What you should do: This exercise calls for the data below to be retyped exactly, minus any images.

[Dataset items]
☆ ☆ ☆ ☆ ☆ ☆ ☆

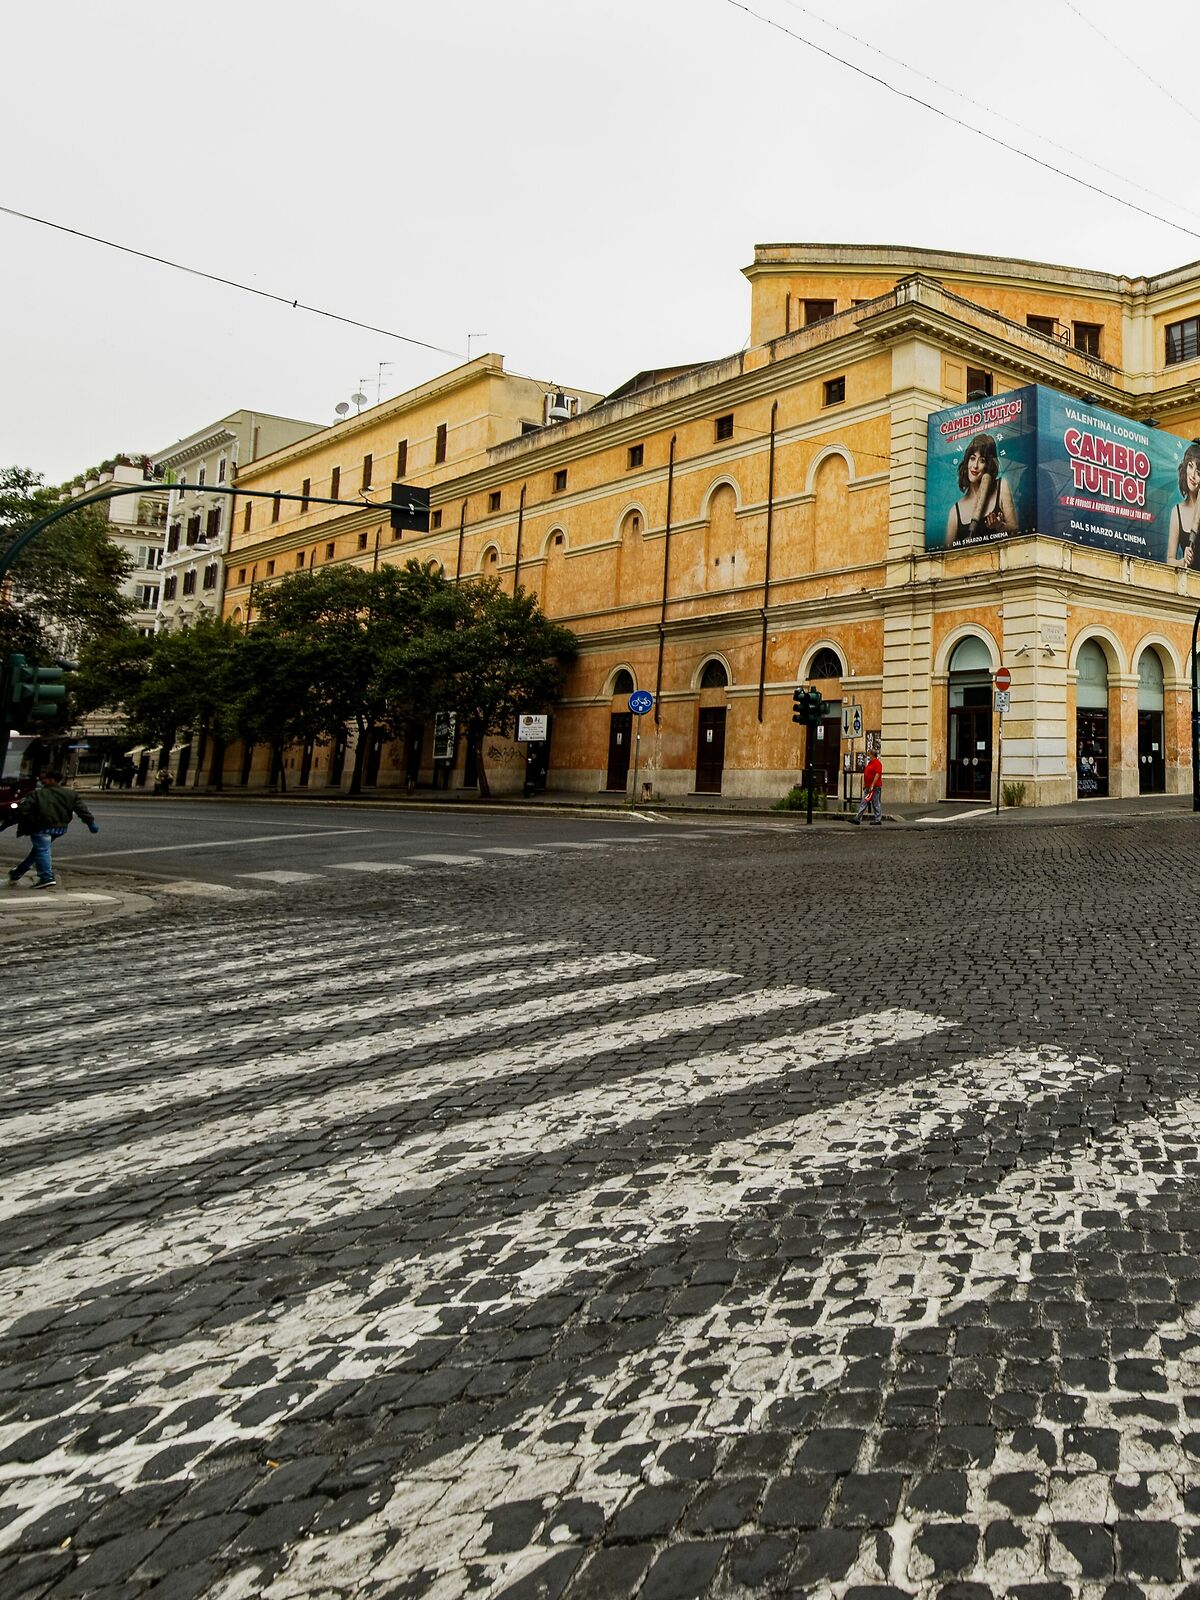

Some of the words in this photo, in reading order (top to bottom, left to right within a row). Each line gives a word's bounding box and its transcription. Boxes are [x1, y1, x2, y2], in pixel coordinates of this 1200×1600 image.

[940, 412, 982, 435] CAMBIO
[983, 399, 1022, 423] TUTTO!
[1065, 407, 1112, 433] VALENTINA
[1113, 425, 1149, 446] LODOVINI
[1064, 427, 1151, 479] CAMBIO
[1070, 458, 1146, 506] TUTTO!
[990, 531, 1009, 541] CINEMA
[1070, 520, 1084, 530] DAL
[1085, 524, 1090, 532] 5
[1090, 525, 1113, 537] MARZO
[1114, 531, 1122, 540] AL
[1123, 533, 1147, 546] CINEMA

☆ ☆ ☆ ☆ ☆ ☆ ☆

Exercise response:
Some of the words in this photo, in reading order (top to bottom, left to right within a row). Each line gives a word's bounding box and its transcription. Boxes are [x1, y1, x2, y2], in pixel coordinates of this 1200×1600 image.

[940, 412, 982, 435] CAMBIO
[983, 399, 1022, 423] TUTTO!
[1065, 407, 1112, 433] VALENTINA
[1113, 425, 1149, 446] LODOVINI
[1064, 427, 1151, 479] CAMBIO
[1070, 458, 1146, 506] TUTTO!
[990, 531, 1009, 541] CINEMA
[1070, 520, 1084, 530] DAL
[1085, 524, 1090, 532] 5
[1090, 525, 1113, 537] MARZO
[1114, 531, 1122, 540] AL
[1123, 533, 1147, 546] CINEMA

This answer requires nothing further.